WORK REQUIRED → Take the line with "this 1440×1080 image." as the first line and the last line of the data as the final one. Write out those lines exactly, and no others.

(EXTRACTED RECORDS)

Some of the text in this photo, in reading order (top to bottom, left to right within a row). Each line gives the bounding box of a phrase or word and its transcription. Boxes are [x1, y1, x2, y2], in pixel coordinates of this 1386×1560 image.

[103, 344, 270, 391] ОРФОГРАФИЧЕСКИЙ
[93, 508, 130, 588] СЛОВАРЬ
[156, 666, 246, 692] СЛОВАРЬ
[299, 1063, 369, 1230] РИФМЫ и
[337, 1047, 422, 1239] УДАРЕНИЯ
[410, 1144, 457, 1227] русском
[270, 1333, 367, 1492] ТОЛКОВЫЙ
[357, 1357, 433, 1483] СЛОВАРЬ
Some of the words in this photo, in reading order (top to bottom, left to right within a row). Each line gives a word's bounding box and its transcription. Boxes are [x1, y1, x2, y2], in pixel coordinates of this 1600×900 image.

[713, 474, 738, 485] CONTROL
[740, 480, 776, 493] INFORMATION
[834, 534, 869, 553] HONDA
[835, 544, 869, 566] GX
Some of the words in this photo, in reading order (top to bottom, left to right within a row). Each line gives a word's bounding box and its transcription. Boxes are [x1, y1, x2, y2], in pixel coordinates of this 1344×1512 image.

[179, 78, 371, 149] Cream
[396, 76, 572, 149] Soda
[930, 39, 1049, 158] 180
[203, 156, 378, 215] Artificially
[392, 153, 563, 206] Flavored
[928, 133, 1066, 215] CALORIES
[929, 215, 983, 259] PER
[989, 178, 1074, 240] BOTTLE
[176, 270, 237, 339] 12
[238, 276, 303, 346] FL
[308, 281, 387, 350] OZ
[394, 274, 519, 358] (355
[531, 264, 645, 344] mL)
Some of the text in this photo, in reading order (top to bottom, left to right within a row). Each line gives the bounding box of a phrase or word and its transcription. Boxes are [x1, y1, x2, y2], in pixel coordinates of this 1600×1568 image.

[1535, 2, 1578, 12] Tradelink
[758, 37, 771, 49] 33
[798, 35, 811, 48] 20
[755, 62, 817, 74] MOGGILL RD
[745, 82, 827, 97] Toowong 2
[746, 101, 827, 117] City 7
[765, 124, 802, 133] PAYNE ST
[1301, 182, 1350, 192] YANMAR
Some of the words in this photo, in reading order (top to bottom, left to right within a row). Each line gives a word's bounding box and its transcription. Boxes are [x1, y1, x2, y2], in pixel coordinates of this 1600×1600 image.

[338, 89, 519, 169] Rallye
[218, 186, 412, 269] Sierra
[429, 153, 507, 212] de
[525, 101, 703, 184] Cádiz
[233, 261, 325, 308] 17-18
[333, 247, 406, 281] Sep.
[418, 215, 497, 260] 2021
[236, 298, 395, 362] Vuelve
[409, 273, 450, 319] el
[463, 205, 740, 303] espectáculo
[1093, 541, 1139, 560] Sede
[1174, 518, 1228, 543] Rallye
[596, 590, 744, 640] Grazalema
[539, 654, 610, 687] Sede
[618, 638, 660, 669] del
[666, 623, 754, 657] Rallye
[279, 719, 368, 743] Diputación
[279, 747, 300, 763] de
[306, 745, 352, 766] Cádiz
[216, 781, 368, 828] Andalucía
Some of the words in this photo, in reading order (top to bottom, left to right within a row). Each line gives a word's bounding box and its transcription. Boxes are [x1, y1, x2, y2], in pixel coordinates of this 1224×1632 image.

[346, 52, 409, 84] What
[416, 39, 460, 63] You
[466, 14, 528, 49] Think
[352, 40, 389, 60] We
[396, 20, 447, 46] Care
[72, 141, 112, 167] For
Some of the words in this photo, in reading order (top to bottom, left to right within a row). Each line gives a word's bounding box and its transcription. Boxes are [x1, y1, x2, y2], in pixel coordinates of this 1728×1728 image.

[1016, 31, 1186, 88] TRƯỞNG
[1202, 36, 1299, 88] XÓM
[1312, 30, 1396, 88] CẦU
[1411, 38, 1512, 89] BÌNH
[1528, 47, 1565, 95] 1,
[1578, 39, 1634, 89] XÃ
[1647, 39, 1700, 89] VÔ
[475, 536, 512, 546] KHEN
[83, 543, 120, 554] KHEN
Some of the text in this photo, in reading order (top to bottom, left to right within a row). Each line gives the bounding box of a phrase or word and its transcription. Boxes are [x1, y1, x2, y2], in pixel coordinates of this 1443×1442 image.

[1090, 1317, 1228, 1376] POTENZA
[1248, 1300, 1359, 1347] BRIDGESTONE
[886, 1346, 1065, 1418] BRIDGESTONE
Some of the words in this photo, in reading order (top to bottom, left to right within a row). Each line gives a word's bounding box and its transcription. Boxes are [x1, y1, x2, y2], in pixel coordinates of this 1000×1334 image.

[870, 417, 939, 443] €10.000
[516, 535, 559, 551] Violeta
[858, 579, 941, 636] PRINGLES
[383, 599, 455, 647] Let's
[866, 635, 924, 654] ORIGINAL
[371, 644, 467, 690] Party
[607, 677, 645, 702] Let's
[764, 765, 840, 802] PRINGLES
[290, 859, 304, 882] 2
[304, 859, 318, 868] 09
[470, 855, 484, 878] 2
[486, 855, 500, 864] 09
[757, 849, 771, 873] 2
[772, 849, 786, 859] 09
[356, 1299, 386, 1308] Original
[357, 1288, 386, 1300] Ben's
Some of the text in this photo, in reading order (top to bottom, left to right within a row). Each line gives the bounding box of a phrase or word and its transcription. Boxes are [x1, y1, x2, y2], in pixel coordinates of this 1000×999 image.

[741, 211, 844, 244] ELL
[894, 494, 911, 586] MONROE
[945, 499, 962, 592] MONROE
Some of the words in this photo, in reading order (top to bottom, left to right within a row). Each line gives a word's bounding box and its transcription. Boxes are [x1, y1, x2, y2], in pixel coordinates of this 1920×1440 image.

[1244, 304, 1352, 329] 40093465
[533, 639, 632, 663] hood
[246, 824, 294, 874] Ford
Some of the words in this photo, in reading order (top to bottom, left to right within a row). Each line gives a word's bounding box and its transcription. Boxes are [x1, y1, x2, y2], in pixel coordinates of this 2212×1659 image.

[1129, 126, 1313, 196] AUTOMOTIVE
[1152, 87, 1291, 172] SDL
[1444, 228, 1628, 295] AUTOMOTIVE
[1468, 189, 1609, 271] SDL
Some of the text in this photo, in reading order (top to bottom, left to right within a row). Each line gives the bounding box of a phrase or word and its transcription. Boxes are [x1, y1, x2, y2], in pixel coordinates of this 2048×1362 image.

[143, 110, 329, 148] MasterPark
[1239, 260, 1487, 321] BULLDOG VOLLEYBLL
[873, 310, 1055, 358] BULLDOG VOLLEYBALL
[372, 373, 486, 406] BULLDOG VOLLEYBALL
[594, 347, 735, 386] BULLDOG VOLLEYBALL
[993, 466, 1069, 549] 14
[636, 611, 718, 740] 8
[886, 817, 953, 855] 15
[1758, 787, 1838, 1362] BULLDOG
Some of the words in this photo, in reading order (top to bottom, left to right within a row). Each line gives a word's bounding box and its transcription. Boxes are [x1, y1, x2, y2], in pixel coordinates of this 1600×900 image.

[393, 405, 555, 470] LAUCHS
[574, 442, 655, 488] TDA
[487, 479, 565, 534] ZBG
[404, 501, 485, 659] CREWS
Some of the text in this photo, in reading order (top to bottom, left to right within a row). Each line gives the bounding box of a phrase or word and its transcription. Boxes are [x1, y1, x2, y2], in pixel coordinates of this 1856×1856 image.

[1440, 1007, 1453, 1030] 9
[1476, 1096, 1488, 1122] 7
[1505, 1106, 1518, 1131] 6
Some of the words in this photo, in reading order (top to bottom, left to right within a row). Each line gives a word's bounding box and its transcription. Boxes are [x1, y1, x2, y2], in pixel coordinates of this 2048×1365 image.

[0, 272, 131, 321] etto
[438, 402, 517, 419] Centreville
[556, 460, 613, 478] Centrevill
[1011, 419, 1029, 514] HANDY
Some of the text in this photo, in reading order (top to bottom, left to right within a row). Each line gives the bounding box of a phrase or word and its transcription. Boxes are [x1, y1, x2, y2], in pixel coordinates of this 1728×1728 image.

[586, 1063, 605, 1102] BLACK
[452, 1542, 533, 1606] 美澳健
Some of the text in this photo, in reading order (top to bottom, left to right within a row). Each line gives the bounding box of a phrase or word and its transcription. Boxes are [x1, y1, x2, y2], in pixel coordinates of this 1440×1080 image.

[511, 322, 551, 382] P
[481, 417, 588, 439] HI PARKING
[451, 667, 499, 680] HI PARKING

(End EXTRACTED RECORDS)

THE ANSWER →
Some of the text in this photo, in reading order (top to bottom, left to right within a row). Each line gives the bounding box of a phrase or word and its transcription. Boxes are [x1, y1, x2, y2], in pixel coordinates of this 1440×1080 image.

[511, 322, 551, 382] P
[481, 417, 588, 439] HI PARKING
[451, 667, 499, 680] HI PARKING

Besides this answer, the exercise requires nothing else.